Introduction
Medical
Negligence has been the subject of much pondering and thought given by courts
in India. The judicial approach has been progressive and each judgment has been
a landmark in its own way. The purpose of this article is to examine the major
case laws on the subject and analyse the approach followed with respect
thereto.
Normally,
a medical man is not responsible to god or man for such evil consequences of
his prescriptions or surgical operations as they are entirely beyond his will
and therefore independent of his control. If, on the other hand, his mistakes
arise from his ignorance or want of skill, he is blameable in as far as he is
the willful cause of such ignorance, he should have either known better or,
not, knowing better, he should not have undertaken the case for which he was
not qualified. [1]
Meaning.-
Medical Negligence is a medical malpractice. Depending upon the consequences,
medical negligence may constitute a violation of either civil or criminal law.

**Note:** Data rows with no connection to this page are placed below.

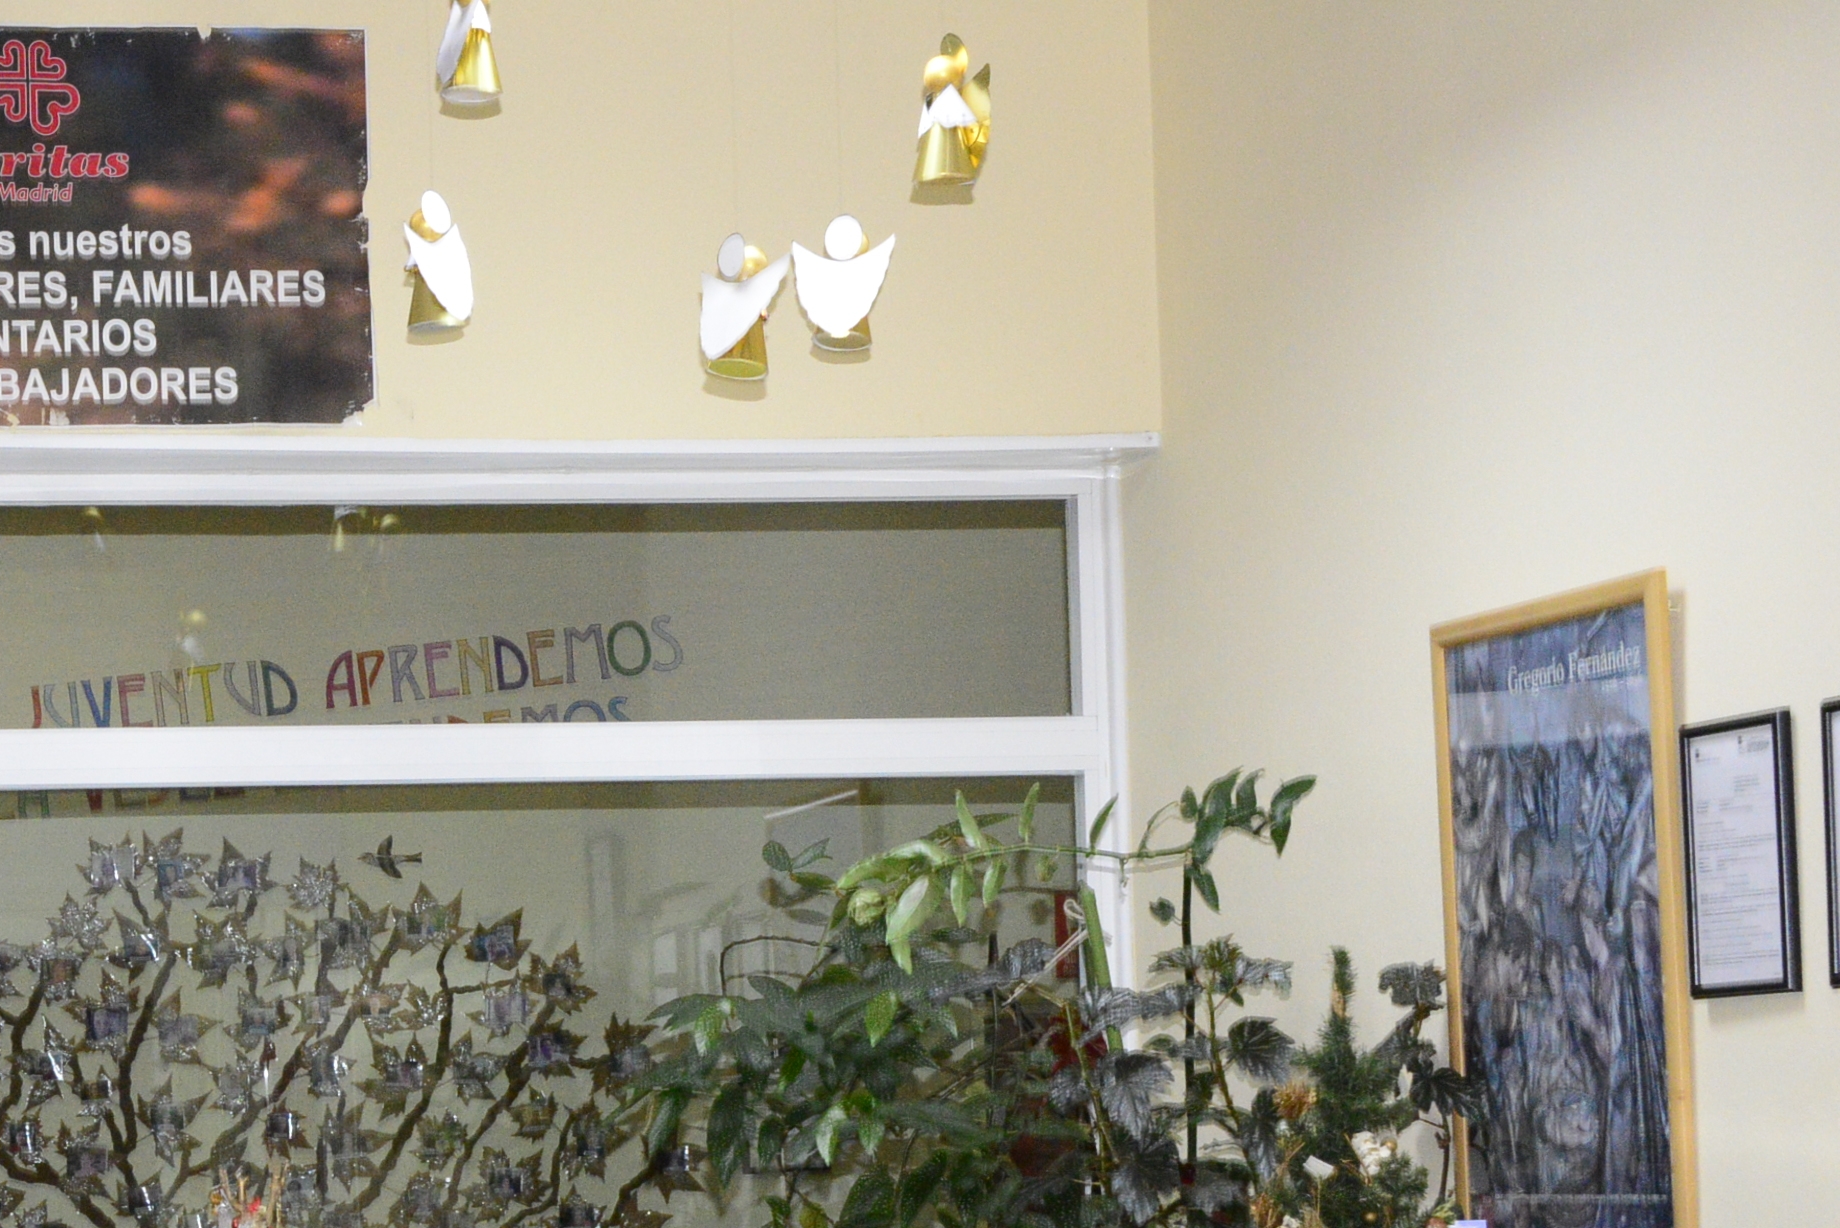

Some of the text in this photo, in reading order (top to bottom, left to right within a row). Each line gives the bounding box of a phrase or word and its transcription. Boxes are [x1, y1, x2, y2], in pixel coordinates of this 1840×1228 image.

[29, 226, 193, 258] nuestros
[92, 269, 325, 306] FAMILIARES
[325, 614, 684, 710] APRENDEMOS
[1507, 656, 1565, 697] Gregorio
[1568, 640, 1641, 681] Fernández

Literally, the word ‘medical’ means
something relating to the science of medicine or to the treatment of illness
and injuries. The word ‘Negligence’ means failure to take proper care over
something. Medical negligence would mean a breach of duty of care, which
results in damage.
Definition.-
Medical
negligence is the breach of the duty owed by a doctor to his patient to
exercise reasonable care and skill, which results in some physical, mental or
financial disability.
Proof.-
For medical negligence to be proved, it must be shown that.-
(a) the
doctor had a duty of care to the patient;
(b) the
doctor was in ‘breach’ of that duty, i.e. failed in that duty;
(c) that
the patient suffered damage as a result.
Normally,
the task of proving negligence rests upon the person bringing the action. An
exception to the rule that the “burden of proof rests on the plaintiff is in
cases where the facts are so obvious that the onus is shifted to the doctor to
prove that his own negligence did not contribute to this state of affairs. This
doctrine is known as ‘res ipsa loquitur’
or ‘the facts speak for themselves’.
The
universally acknowledged definition of negligence was given by Baron Alderson
in Blyth v. Birmingham Waterworks –“Negligence is the omission to do something
which a reasonable man, guided upon those considerations which ordinarily
regulate the conduct of human affairs would do, or doing something which a
prudent and reasonable man would not do.” In the medical context,
negligence on the part of a medical practitioner is the omission to do
something which a reasonably competent medical practitioner, guided by such
medical knowledge and practice as is commonly known at the time and at the
place when he practices and further guided by such other considerations which
ordinarily regulate the conduct of reasonably competent medical practitioners,
would do, or doing something which a reasonably competent medical practitioner
would not do.
Legal
aspect.- A medical practitioner professes or promises to use reasonably
competent skill and care in the exercise of his act when he accepts a patient.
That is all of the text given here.